About this exercise → Below are entries; write every one of them out again exactly.

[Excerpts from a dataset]
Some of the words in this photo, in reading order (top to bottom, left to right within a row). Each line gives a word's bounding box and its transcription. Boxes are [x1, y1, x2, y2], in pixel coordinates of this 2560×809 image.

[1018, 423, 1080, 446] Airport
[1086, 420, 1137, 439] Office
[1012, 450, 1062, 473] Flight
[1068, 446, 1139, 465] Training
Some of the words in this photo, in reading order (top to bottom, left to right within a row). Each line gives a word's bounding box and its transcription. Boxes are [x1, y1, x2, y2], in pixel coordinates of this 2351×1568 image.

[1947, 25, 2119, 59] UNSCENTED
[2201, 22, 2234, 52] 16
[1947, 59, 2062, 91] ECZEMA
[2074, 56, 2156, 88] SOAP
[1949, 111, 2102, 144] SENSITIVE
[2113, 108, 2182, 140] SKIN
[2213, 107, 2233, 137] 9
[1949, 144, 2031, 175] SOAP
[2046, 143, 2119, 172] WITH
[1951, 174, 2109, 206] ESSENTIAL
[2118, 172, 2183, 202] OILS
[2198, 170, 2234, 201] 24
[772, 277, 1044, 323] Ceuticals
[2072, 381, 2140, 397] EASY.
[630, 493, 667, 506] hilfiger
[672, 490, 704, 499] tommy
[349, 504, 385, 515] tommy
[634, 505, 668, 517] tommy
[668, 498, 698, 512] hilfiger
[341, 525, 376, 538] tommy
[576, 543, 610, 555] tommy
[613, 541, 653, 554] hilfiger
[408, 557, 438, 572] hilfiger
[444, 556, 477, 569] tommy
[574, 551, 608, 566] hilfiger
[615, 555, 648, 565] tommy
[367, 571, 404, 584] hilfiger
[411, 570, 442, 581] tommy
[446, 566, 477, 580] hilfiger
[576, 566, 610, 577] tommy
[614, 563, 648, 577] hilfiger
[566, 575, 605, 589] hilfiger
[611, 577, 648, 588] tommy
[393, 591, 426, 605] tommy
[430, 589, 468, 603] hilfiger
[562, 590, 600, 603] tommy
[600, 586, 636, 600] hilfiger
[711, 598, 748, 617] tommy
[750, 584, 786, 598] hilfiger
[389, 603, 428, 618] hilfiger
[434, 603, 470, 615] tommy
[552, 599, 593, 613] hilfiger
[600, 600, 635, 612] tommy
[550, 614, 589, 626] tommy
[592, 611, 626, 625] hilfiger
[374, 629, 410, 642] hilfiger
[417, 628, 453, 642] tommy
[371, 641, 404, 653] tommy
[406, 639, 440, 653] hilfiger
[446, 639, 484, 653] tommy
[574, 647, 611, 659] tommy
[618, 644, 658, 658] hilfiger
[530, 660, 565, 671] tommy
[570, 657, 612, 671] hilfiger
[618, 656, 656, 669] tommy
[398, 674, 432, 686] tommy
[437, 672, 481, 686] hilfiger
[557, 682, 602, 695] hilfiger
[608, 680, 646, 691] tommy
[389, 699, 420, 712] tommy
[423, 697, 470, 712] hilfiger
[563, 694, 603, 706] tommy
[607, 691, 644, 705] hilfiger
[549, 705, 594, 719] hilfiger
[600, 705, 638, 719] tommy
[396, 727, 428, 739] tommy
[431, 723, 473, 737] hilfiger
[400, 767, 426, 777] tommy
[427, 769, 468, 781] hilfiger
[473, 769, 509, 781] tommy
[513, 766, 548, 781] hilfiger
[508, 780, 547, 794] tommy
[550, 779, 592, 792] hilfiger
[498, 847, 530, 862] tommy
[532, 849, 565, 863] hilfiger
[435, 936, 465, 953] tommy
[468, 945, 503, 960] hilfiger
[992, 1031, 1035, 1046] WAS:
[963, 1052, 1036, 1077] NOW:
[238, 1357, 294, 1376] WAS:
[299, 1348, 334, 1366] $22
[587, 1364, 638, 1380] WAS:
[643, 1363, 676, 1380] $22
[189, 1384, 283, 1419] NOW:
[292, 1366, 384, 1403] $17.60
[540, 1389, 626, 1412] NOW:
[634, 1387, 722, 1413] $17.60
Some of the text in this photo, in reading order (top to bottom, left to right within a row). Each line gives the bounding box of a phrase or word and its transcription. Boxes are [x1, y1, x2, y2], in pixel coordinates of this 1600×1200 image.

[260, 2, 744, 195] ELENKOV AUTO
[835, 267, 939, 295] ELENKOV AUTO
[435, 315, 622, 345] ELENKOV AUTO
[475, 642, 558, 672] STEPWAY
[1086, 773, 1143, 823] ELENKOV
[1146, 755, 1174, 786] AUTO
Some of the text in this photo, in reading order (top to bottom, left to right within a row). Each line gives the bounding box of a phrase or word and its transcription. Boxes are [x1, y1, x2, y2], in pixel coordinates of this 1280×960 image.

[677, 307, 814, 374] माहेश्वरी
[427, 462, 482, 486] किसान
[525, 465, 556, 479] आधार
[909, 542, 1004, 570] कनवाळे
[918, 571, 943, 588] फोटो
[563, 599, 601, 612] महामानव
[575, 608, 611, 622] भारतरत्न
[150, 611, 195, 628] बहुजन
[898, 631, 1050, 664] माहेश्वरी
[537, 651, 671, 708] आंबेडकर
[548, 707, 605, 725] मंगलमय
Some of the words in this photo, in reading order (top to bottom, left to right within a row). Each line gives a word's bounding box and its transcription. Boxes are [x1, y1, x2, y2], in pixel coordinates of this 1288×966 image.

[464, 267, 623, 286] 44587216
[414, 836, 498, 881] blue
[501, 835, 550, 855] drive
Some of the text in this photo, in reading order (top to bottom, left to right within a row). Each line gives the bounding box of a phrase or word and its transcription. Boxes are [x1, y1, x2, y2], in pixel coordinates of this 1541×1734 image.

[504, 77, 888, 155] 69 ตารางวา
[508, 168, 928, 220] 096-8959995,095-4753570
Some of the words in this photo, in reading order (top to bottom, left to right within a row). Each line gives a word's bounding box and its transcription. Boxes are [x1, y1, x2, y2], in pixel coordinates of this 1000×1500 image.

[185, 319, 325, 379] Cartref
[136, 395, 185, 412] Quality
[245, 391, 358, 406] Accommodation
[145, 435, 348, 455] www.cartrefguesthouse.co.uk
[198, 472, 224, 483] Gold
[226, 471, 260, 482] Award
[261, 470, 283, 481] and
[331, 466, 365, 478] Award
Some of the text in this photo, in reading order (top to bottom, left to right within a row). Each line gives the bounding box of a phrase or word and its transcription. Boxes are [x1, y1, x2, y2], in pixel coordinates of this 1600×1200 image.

Output for this exercise →
Some of the words in this photo, in reading order (top to bottom, left to right within a row). Each line gives a word's bounding box and its transcription. Boxes are [x1, y1, x2, y2], in pixel coordinates of this 2560×809 image.

[1018, 423, 1080, 446] Airport
[1086, 420, 1137, 439] Office
[1012, 450, 1062, 473] Flight
[1068, 446, 1139, 465] Training
Some of the words in this photo, in reading order (top to bottom, left to right within a row). Each line gives a word's bounding box and its transcription. Boxes are [x1, y1, x2, y2], in pixel coordinates of this 2351×1568 image.

[1947, 25, 2119, 59] UNSCENTED
[2201, 22, 2234, 52] 16
[1947, 59, 2062, 91] ECZEMA
[2074, 56, 2156, 88] SOAP
[1949, 111, 2102, 144] SENSITIVE
[2113, 108, 2182, 140] SKIN
[2213, 107, 2233, 137] 9
[1949, 144, 2031, 175] SOAP
[2046, 143, 2119, 172] WITH
[1951, 174, 2109, 206] ESSENTIAL
[2118, 172, 2183, 202] OILS
[2198, 170, 2234, 201] 24
[772, 277, 1044, 323] Ceuticals
[2072, 381, 2140, 397] EASY.
[630, 493, 667, 506] hilfiger
[672, 490, 704, 499] tommy
[349, 504, 385, 515] tommy
[634, 505, 668, 517] tommy
[668, 498, 698, 512] hilfiger
[341, 525, 376, 538] tommy
[576, 543, 610, 555] tommy
[613, 541, 653, 554] hilfiger
[408, 557, 438, 572] hilfiger
[444, 556, 477, 569] tommy
[574, 551, 608, 566] hilfiger
[615, 555, 648, 565] tommy
[367, 571, 404, 584] hilfiger
[411, 570, 442, 581] tommy
[446, 566, 477, 580] hilfiger
[576, 566, 610, 577] tommy
[614, 563, 648, 577] hilfiger
[566, 575, 605, 589] hilfiger
[611, 577, 648, 588] tommy
[393, 591, 426, 605] tommy
[430, 589, 468, 603] hilfiger
[562, 590, 600, 603] tommy
[600, 586, 636, 600] hilfiger
[711, 598, 748, 617] tommy
[750, 584, 786, 598] hilfiger
[389, 603, 428, 618] hilfiger
[434, 603, 470, 615] tommy
[552, 599, 593, 613] hilfiger
[600, 600, 635, 612] tommy
[550, 614, 589, 626] tommy
[592, 611, 626, 625] hilfiger
[374, 629, 410, 642] hilfiger
[417, 628, 453, 642] tommy
[371, 641, 404, 653] tommy
[406, 639, 440, 653] hilfiger
[446, 639, 484, 653] tommy
[574, 647, 611, 659] tommy
[618, 644, 658, 658] hilfiger
[530, 660, 565, 671] tommy
[570, 657, 612, 671] hilfiger
[618, 656, 656, 669] tommy
[398, 674, 432, 686] tommy
[437, 672, 481, 686] hilfiger
[557, 682, 602, 695] hilfiger
[608, 680, 646, 691] tommy
[389, 699, 420, 712] tommy
[423, 697, 470, 712] hilfiger
[563, 694, 603, 706] tommy
[607, 691, 644, 705] hilfiger
[549, 705, 594, 719] hilfiger
[600, 705, 638, 719] tommy
[396, 727, 428, 739] tommy
[431, 723, 473, 737] hilfiger
[400, 767, 426, 777] tommy
[427, 769, 468, 781] hilfiger
[473, 769, 509, 781] tommy
[513, 766, 548, 781] hilfiger
[508, 780, 547, 794] tommy
[550, 779, 592, 792] hilfiger
[498, 847, 530, 862] tommy
[532, 849, 565, 863] hilfiger
[435, 936, 465, 953] tommy
[468, 945, 503, 960] hilfiger
[992, 1031, 1035, 1046] WAS:
[963, 1052, 1036, 1077] NOW:
[238, 1357, 294, 1376] WAS:
[299, 1348, 334, 1366] $22
[587, 1364, 638, 1380] WAS:
[643, 1363, 676, 1380] $22
[189, 1384, 283, 1419] NOW:
[292, 1366, 384, 1403] $17.60
[540, 1389, 626, 1412] NOW:
[634, 1387, 722, 1413] $17.60
Some of the text in this photo, in reading order (top to bottom, left to right within a row). Each line gives the bounding box of a phrase or word and its transcription. Boxes are [x1, y1, x2, y2], in pixel coordinates of this 1600×1200 image.

[260, 2, 744, 195] ELENKOV AUTO
[835, 267, 939, 295] ELENKOV AUTO
[435, 315, 622, 345] ELENKOV AUTO
[475, 642, 558, 672] STEPWAY
[1086, 773, 1143, 823] ELENKOV
[1146, 755, 1174, 786] AUTO
Some of the text in this photo, in reading order (top to bottom, left to right within a row). Each line gives the bounding box of a phrase or word and its transcription. Boxes are [x1, y1, x2, y2], in pixel coordinates of this 1280×960 image.

[677, 307, 814, 374] माहेश्वरी
[427, 462, 482, 486] किसान
[525, 465, 556, 479] आधार
[909, 542, 1004, 570] कनवाळे
[918, 571, 943, 588] फोटो
[563, 599, 601, 612] महामानव
[575, 608, 611, 622] भारतरत्न
[150, 611, 195, 628] बहुजन
[898, 631, 1050, 664] माहेश्वरी
[537, 651, 671, 708] आंबेडकर
[548, 707, 605, 725] मंगलमय
Some of the words in this photo, in reading order (top to bottom, left to right within a row). Each line gives a word's bounding box and its transcription. Boxes are [x1, y1, x2, y2], in pixel coordinates of this 1288×966 image.

[464, 267, 623, 286] 44587216
[414, 836, 498, 881] blue
[501, 835, 550, 855] drive
Some of the text in this photo, in reading order (top to bottom, left to right within a row). Each line gives the bounding box of a phrase or word and its transcription. Boxes are [x1, y1, x2, y2], in pixel coordinates of this 1541×1734 image.

[504, 77, 888, 155] 69 ตารางวา
[508, 168, 928, 220] 096-8959995,095-4753570
Some of the words in this photo, in reading order (top to bottom, left to right within a row). Each line gives a word's bounding box and its transcription. Boxes are [x1, y1, x2, y2], in pixel coordinates of this 1000×1500 image.

[185, 319, 325, 379] Cartref
[136, 395, 185, 412] Quality
[245, 391, 358, 406] Accommodation
[145, 435, 348, 455] www.cartrefguesthouse.co.uk
[198, 472, 224, 483] Gold
[226, 471, 260, 482] Award
[261, 470, 283, 481] and
[331, 466, 365, 478] Award
Some of the text in this photo, in reading order (top to bottom, left to right within a row). Each line gives the bounding box of a phrase or word and its transcription. Boxes are [x1, y1, x2, y2], in pixel coordinates of this 1600×1200 image.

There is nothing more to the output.